## EXERCISE BRIEF
Retype the entries in full, exactly.

################

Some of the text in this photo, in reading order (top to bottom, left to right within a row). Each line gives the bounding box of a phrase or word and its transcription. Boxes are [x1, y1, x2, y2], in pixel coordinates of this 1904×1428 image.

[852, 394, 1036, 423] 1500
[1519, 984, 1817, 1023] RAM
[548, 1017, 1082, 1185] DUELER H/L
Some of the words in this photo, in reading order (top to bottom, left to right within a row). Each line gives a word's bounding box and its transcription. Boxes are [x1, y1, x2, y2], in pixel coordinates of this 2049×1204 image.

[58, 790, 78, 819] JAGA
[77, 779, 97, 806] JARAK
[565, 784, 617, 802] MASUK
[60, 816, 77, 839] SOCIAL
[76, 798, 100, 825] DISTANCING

################

## WRITTEN SOLUTION
Some of the text in this photo, in reading order (top to bottom, left to right within a row). Each line gives the bounding box of a phrase or word and its transcription. Boxes are [x1, y1, x2, y2], in pixel coordinates of this 1904×1428 image.

[852, 394, 1036, 423] 1500
[1519, 984, 1817, 1023] RAM
[548, 1017, 1082, 1185] DUELER H/L
Some of the words in this photo, in reading order (top to bottom, left to right within a row). Each line gives a word's bounding box and its transcription. Boxes are [x1, y1, x2, y2], in pixel coordinates of this 2049×1204 image.

[58, 790, 78, 819] JAGA
[77, 779, 97, 806] JARAK
[565, 784, 617, 802] MASUK
[60, 816, 77, 839] SOCIAL
[76, 798, 100, 825] DISTANCING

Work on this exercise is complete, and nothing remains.